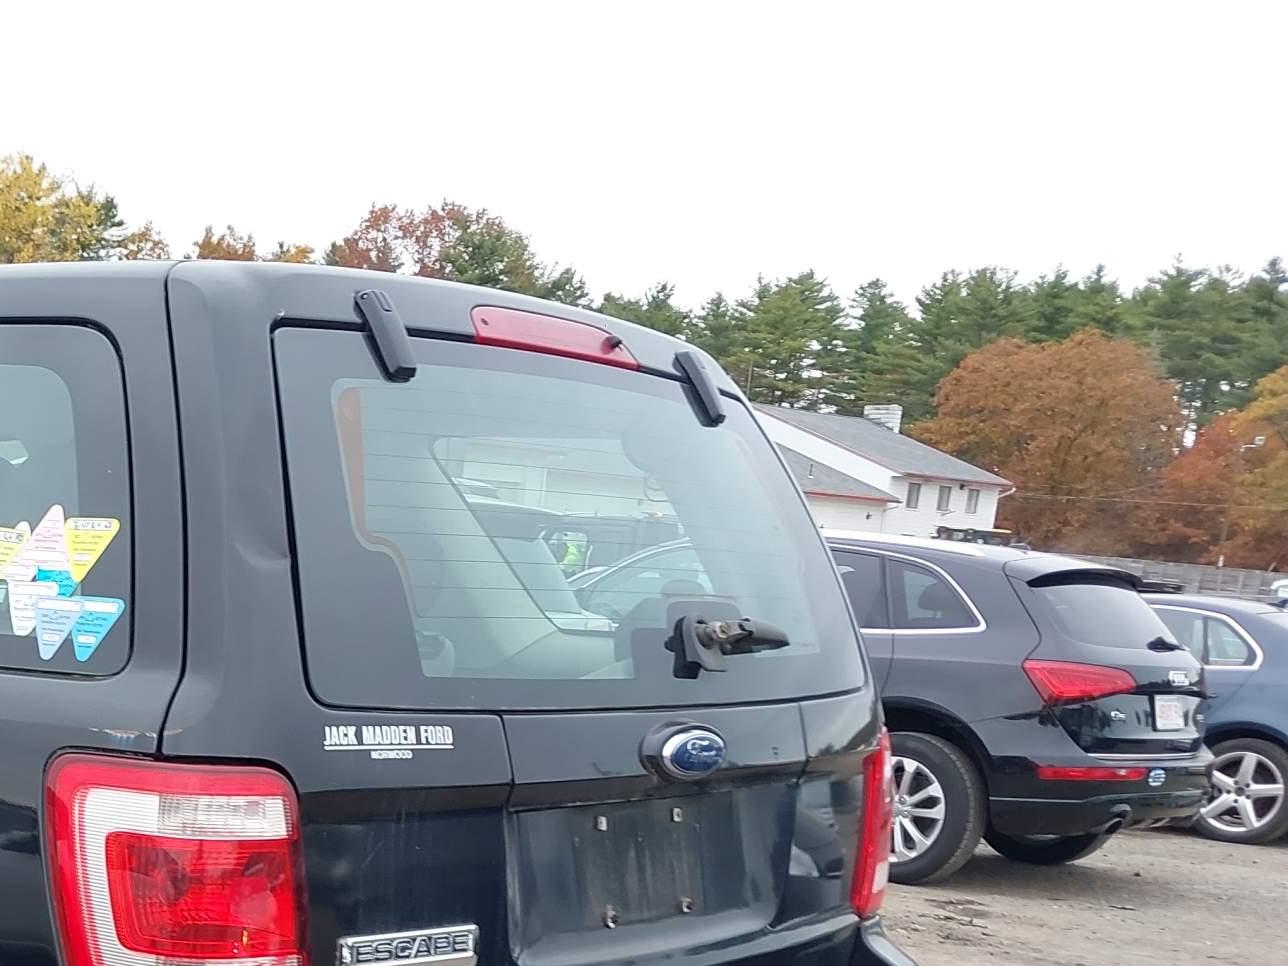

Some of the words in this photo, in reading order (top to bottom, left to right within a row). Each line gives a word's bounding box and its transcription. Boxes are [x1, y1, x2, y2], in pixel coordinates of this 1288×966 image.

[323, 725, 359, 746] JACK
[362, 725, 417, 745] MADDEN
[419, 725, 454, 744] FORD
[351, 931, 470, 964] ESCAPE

□ □ □ □ □

EXERCISE GOAL. Could you return all the entries exactly as they appear, minus the pictures?

RESULT.
Some of the words in this photo, in reading order (top to bottom, left to right within a row). Each line gives a word's bounding box and its transcription. Boxes are [x1, y1, x2, y2], in pixel coordinates of this 1288×966 image.

[323, 725, 359, 746] JACK
[362, 725, 417, 745] MADDEN
[419, 725, 454, 744] FORD
[351, 931, 470, 964] ESCAPE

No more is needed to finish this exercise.